I need the lines from the one holding "this 1920×640 image." to the last line of the data below repeated exactly, both included, without pictures.
=== Begin Enclosure ===
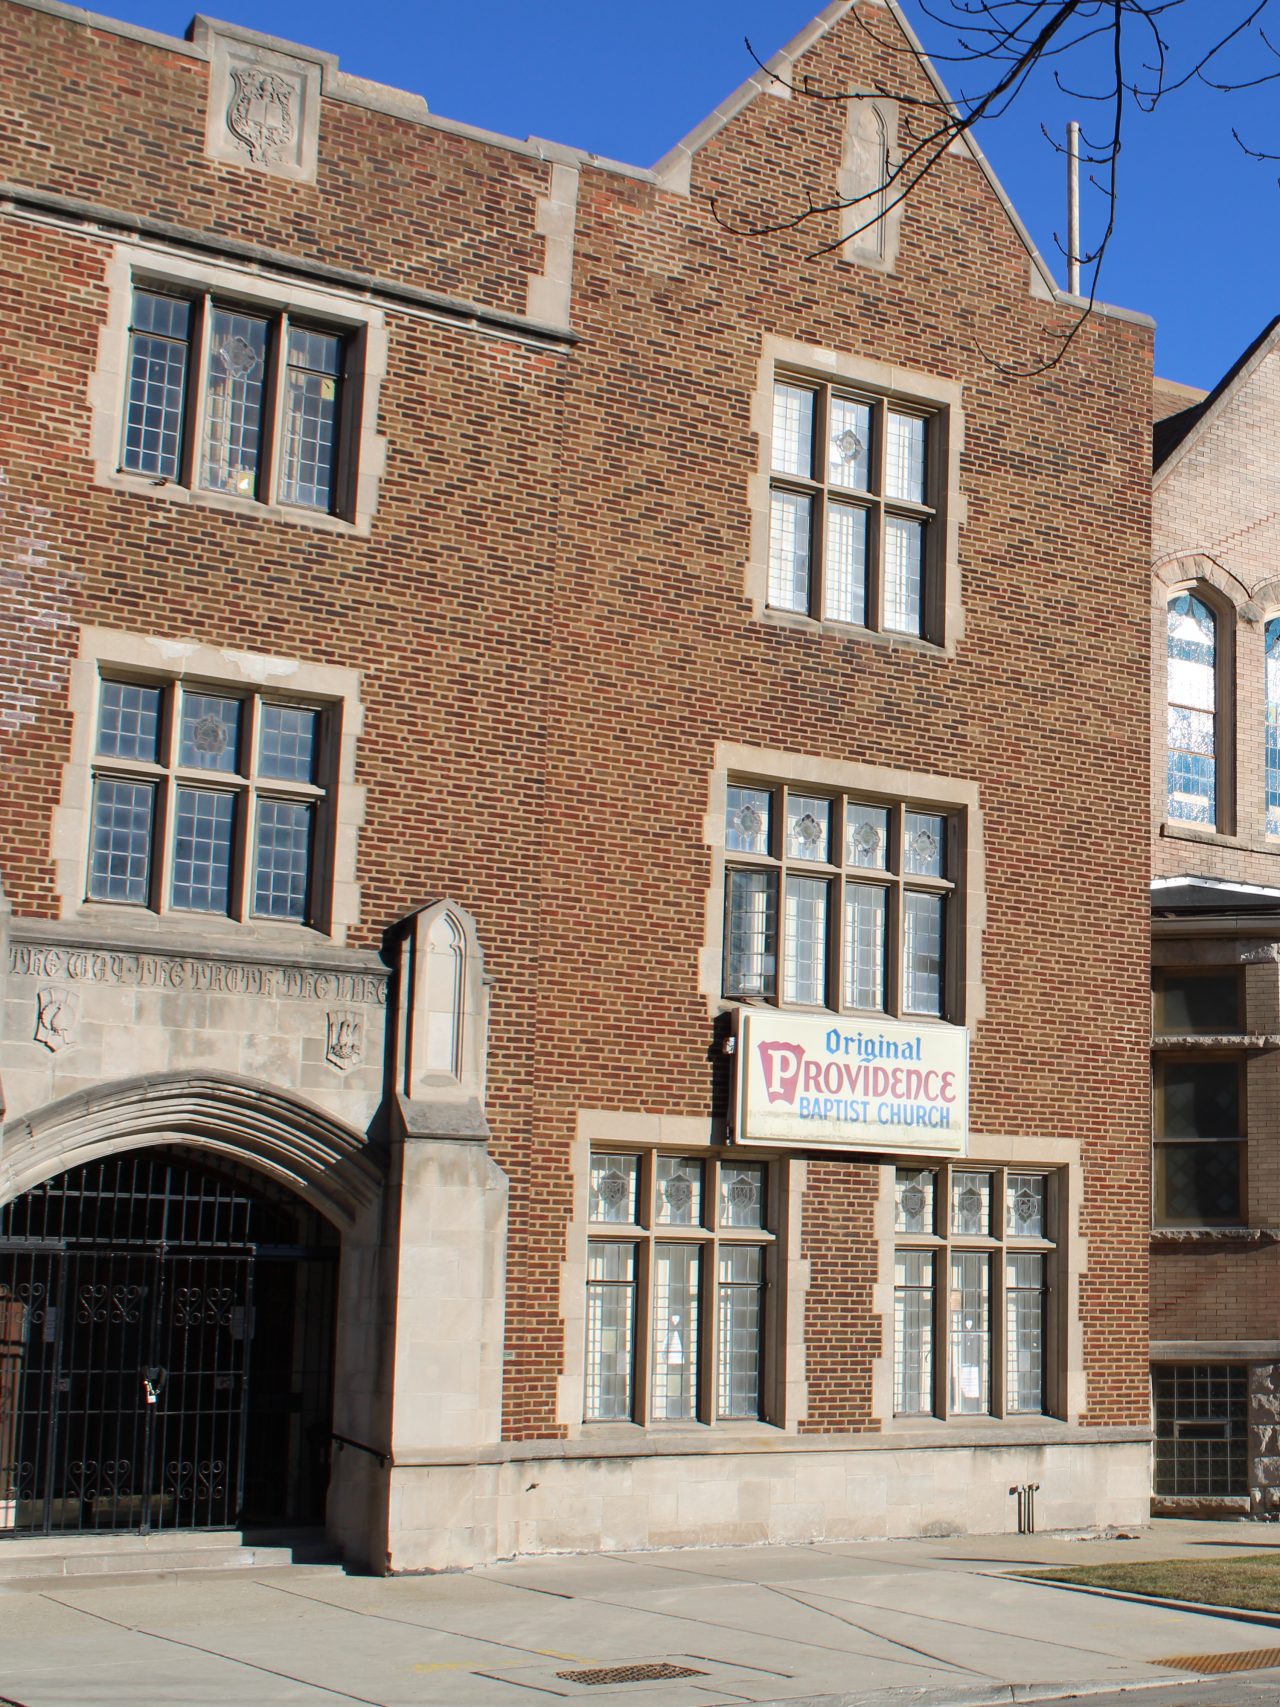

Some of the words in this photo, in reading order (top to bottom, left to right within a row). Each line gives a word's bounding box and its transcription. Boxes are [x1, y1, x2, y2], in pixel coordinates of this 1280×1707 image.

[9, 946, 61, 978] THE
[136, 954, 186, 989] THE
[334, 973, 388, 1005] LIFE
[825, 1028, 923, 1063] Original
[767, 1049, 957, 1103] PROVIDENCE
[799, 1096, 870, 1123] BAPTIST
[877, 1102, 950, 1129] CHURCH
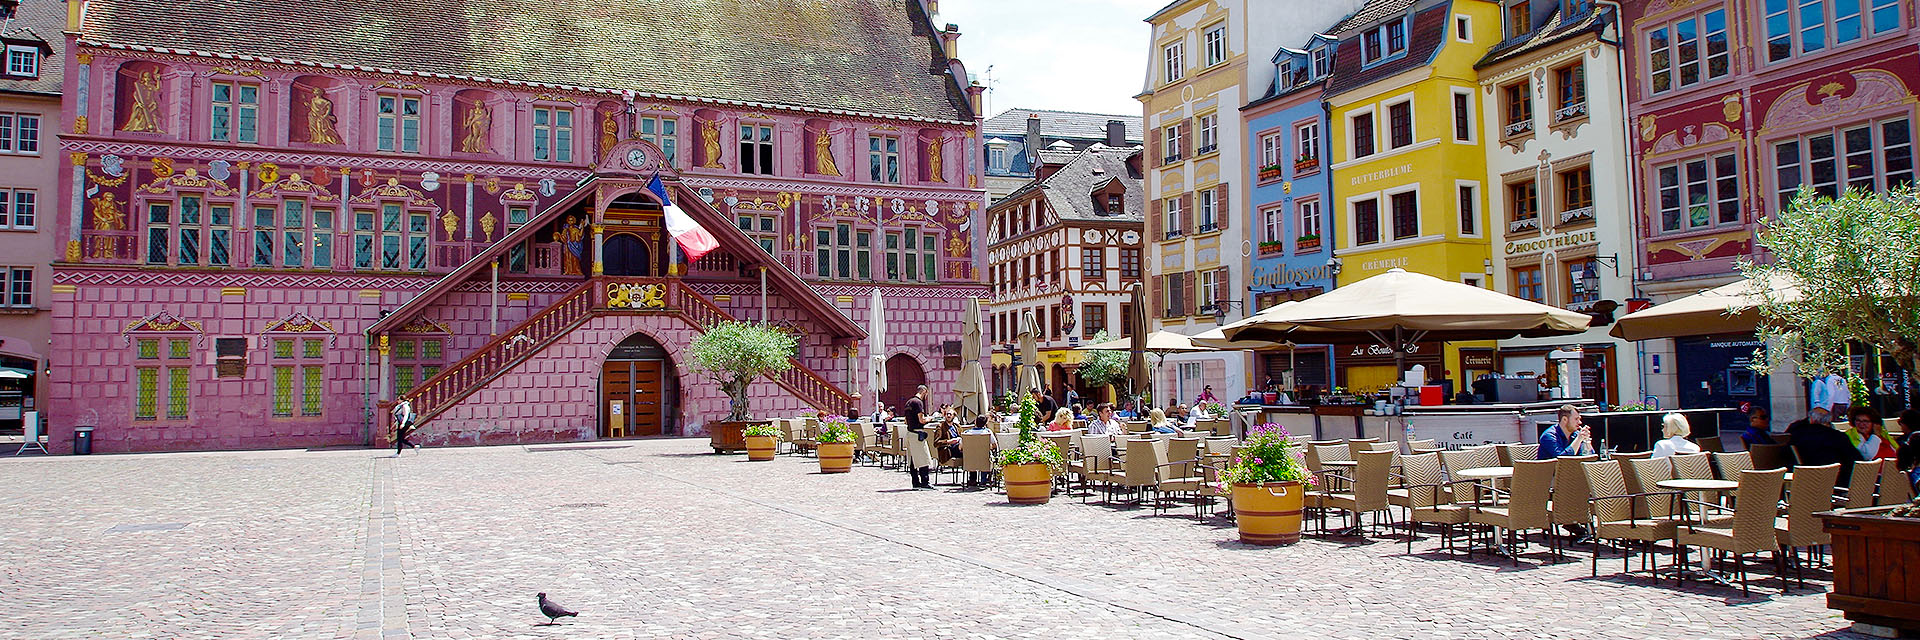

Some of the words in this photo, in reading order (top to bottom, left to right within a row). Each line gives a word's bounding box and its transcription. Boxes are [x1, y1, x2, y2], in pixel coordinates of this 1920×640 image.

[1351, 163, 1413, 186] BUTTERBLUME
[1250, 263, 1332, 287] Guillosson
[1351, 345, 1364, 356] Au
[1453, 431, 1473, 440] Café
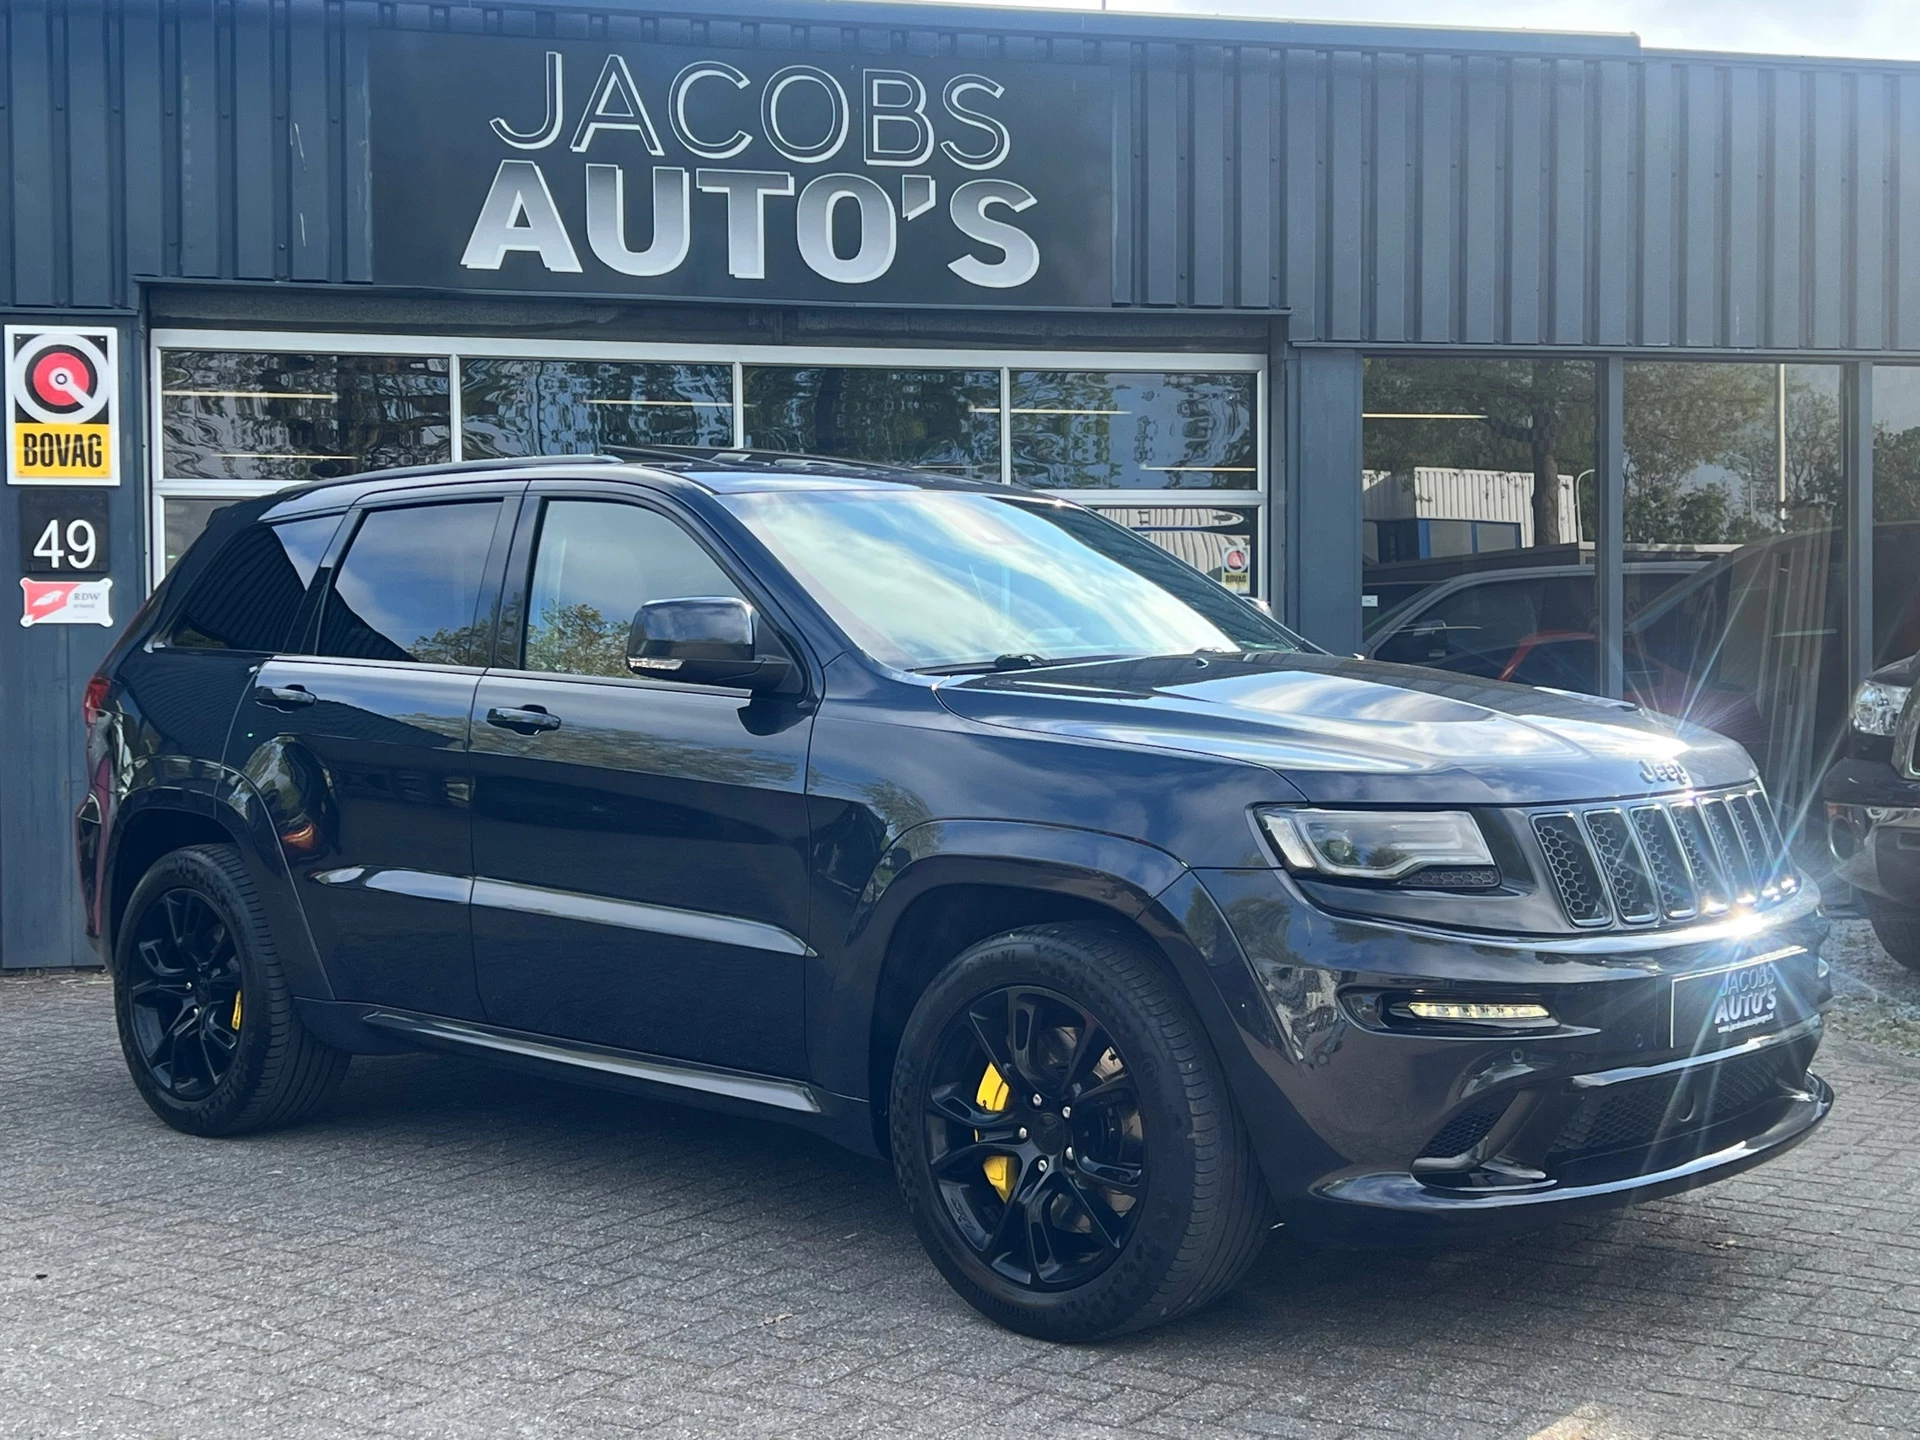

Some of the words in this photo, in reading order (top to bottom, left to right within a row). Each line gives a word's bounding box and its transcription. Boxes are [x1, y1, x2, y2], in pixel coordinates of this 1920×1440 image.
=== End Enclosure ===
■ **Output of the exercise**:
Some of the words in this photo, in reading order (top to bottom, left to right within a row). Each line gives a word's bounding box and its transcription. Boxes are [x1, y1, x2, y2], in pixel coordinates of this 1920×640 image.

[1351, 163, 1413, 186] BUTTERBLUME
[1250, 263, 1332, 287] Guillosson
[1351, 345, 1364, 356] Au
[1453, 431, 1473, 440] Café

Some of the words in this photo, in reading order (top to bottom, left to right within a row). Each line gives a word's bounding box and its transcription. Boxes are [x1, y1, x2, y2], in pixel coordinates of this 1920×1440 image.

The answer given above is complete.